The group argues that some of the state’s licensing regulations don’t make sense, pointing out that a license to be an emergency medical technician requires at least 169 training hours, while hairdressers must complete a cosmetology school curriculum that’s a minimum of 1,500 hours.
The draft proposal will not affect cosmetologists, however.
“We think this is just the first step,” Kyzer said. “North Carolina has a really stringent set of laws.”
Other right-leaning groups, such as The John Locke Foundation and Generation Opportunity, support the proposal to streamline government regulations and make it easier for people to enter professions that now require licenses.
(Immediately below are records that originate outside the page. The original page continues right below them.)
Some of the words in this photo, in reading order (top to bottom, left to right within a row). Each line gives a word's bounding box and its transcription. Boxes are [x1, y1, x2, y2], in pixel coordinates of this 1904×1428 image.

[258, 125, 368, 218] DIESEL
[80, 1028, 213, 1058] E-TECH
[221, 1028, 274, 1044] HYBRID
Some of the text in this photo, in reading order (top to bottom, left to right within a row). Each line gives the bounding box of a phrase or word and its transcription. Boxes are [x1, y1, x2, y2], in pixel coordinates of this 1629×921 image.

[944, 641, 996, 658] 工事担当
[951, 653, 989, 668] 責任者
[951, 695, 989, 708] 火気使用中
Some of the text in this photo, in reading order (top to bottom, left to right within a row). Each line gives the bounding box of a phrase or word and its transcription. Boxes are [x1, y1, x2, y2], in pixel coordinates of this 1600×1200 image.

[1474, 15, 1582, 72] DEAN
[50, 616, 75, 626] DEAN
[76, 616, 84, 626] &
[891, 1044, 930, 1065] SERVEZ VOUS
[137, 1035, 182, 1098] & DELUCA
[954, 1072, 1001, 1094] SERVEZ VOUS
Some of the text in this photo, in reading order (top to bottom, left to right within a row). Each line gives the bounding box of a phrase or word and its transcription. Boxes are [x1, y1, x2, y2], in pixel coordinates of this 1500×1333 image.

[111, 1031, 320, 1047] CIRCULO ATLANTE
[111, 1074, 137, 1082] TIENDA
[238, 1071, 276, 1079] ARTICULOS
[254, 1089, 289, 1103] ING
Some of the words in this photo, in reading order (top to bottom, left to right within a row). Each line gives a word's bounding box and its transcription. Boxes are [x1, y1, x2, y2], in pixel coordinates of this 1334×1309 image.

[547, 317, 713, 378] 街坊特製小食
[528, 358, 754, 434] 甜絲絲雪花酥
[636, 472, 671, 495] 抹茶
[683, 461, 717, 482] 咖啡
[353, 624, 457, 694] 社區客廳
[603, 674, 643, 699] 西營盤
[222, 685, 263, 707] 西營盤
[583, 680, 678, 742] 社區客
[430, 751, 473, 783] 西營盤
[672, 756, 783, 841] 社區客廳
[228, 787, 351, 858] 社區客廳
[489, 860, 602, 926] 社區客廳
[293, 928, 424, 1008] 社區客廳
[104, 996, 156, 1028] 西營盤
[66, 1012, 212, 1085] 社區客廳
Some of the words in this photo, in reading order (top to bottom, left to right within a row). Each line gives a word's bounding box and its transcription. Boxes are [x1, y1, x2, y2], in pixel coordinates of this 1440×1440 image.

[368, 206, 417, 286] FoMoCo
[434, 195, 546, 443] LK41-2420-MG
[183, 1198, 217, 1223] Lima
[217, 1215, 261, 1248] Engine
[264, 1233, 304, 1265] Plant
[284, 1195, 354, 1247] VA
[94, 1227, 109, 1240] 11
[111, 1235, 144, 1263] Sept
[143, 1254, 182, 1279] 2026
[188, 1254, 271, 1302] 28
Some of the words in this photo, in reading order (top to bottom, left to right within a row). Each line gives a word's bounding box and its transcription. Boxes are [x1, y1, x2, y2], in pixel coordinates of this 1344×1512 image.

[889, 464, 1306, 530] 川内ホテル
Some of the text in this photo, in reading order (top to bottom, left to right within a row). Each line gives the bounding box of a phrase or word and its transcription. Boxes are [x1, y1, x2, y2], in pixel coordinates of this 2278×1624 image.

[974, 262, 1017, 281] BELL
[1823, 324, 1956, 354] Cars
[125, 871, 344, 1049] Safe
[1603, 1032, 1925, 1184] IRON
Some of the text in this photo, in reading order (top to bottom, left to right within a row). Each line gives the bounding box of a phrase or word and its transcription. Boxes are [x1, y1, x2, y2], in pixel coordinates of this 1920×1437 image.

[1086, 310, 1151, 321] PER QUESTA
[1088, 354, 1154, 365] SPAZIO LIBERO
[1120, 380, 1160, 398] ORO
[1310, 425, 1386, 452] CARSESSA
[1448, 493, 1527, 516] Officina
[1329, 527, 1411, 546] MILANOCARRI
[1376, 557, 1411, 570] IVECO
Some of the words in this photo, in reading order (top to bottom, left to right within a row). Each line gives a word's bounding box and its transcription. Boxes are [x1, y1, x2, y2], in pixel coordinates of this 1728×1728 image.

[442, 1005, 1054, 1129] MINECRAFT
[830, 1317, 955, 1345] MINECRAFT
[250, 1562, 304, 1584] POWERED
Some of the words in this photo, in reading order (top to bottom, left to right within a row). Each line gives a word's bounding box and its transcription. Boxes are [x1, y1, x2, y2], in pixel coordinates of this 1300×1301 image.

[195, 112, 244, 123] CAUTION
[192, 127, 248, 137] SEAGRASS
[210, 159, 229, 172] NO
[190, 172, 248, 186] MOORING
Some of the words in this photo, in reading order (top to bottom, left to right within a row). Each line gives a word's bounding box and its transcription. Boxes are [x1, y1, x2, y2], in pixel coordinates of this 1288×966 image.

Reports from the conservative George Mason University Mercatus Center on market research say occupational licensing laws disproportionately affect low-income workers and reduce market competition, driving prices up.
“This is pure cronyism. It’s the government picking winners and losers,” said Veronique de Rugy, a senior research fellow at the center. “These laws come about because people in the profession want protection from new competition.”
The North Carolina Justice Center, a liberal worker’s rights advocacy group, does not support this proposal.
“The Justice Center is opposed to the legislation as it’s been drafted,” said Allan Freyer, director of worker’s rights at the center. “There may be problems with the current laws, but we believe in the basic importance that occupational licensing plays for the health and safety of consumers.”
He said the N.C. Justice Center does not believe that occupational licensing disrupts the free market.
The licensing boards themselves are trying to make the case that occupational licensing protects consumers and makes it easier to enforce industry regulations.
“Licensing laws don’t keep people out of the profession,” said Barbara Geiger, an administrator for the Irrigation Contractors Licensing Board. “They give guidelines.”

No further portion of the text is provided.